** Working data **

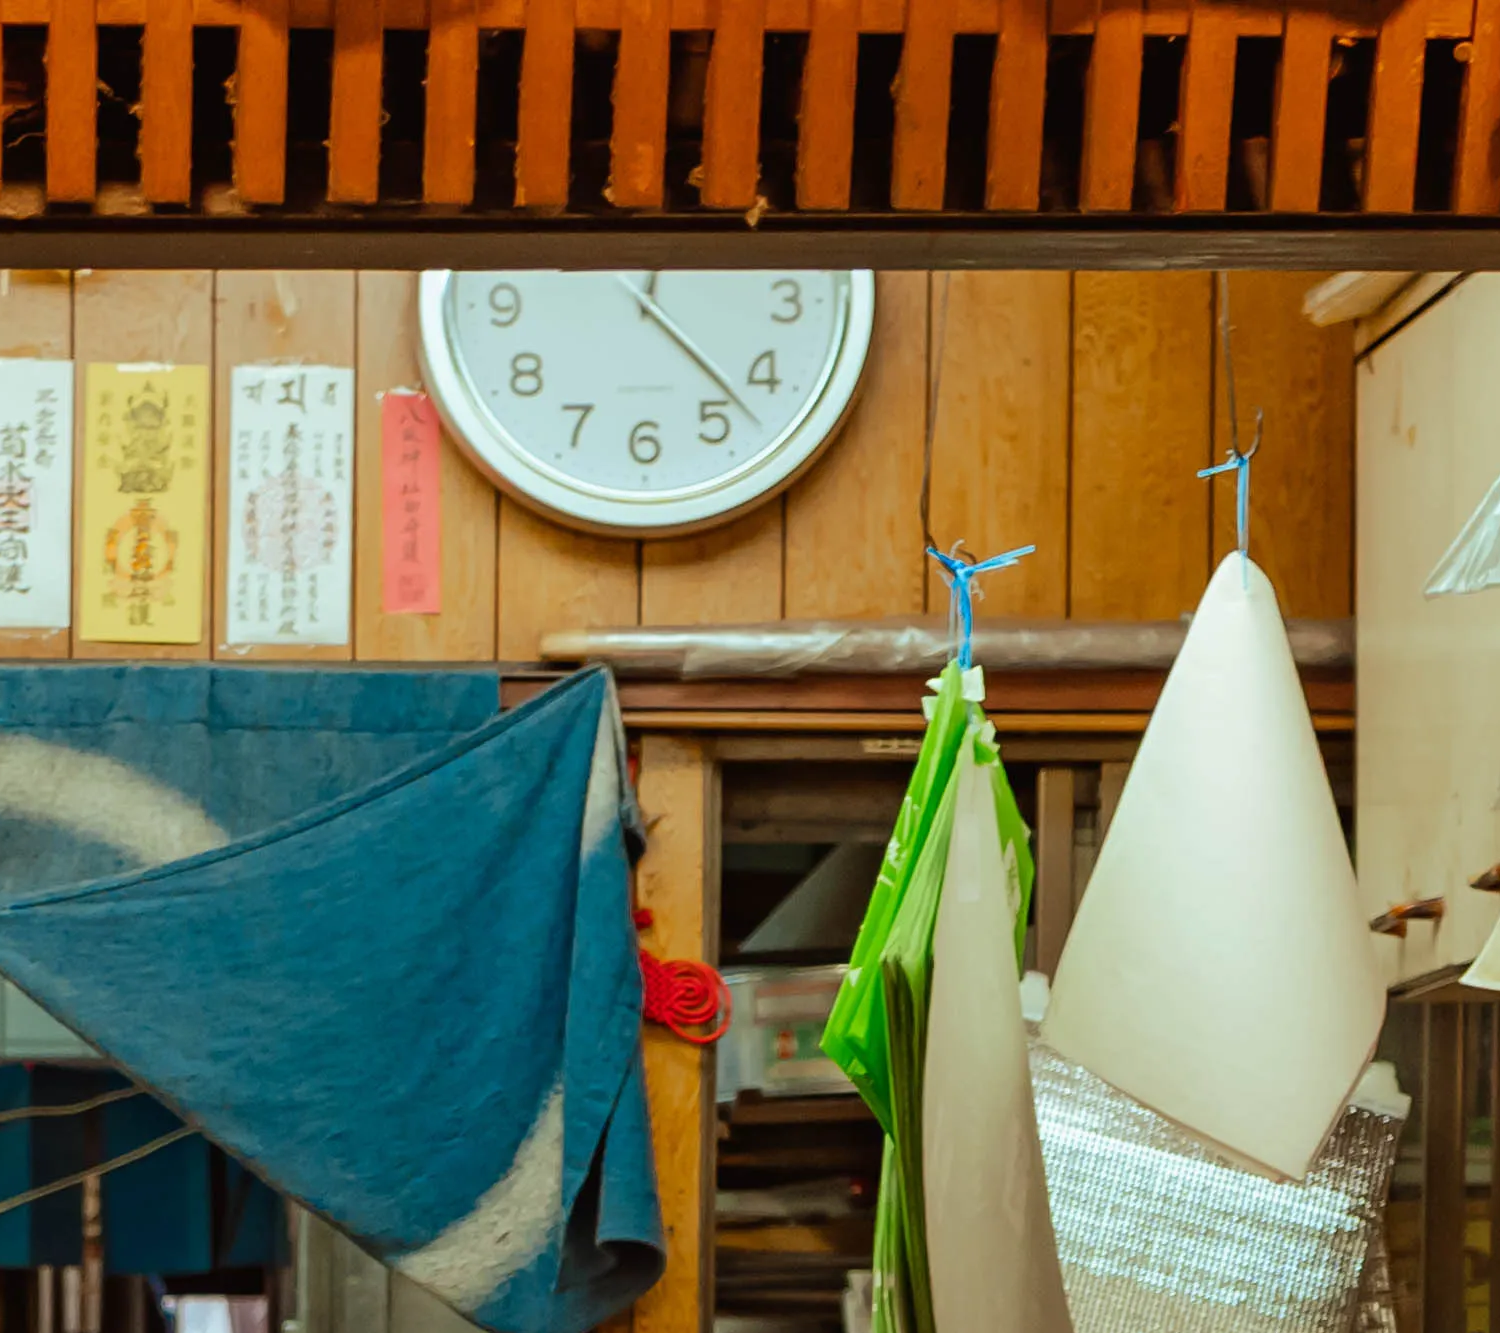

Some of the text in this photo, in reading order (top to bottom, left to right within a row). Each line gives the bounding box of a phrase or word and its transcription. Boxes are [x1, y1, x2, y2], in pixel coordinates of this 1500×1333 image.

[488, 282, 522, 327] 9
[770, 279, 802, 323] 3
[510, 352, 543, 396] 8
[747, 350, 781, 394] 4
[561, 404, 594, 448] 7
[629, 421, 661, 464] 6
[697, 400, 731, 444] 5

** Assignment **
The expected result is the material restated word for word, minus any picture.

** Solved exercise **
Some of the text in this photo, in reading order (top to bottom, left to right within a row). Each line gives the bounding box of a phrase or word and its transcription. Boxes are [x1, y1, x2, y2], in pixel coordinates of this 1500×1333 image.

[488, 282, 522, 327] 9
[770, 279, 802, 323] 3
[510, 352, 543, 396] 8
[747, 350, 781, 394] 4
[561, 404, 594, 448] 7
[629, 421, 661, 464] 6
[697, 400, 731, 444] 5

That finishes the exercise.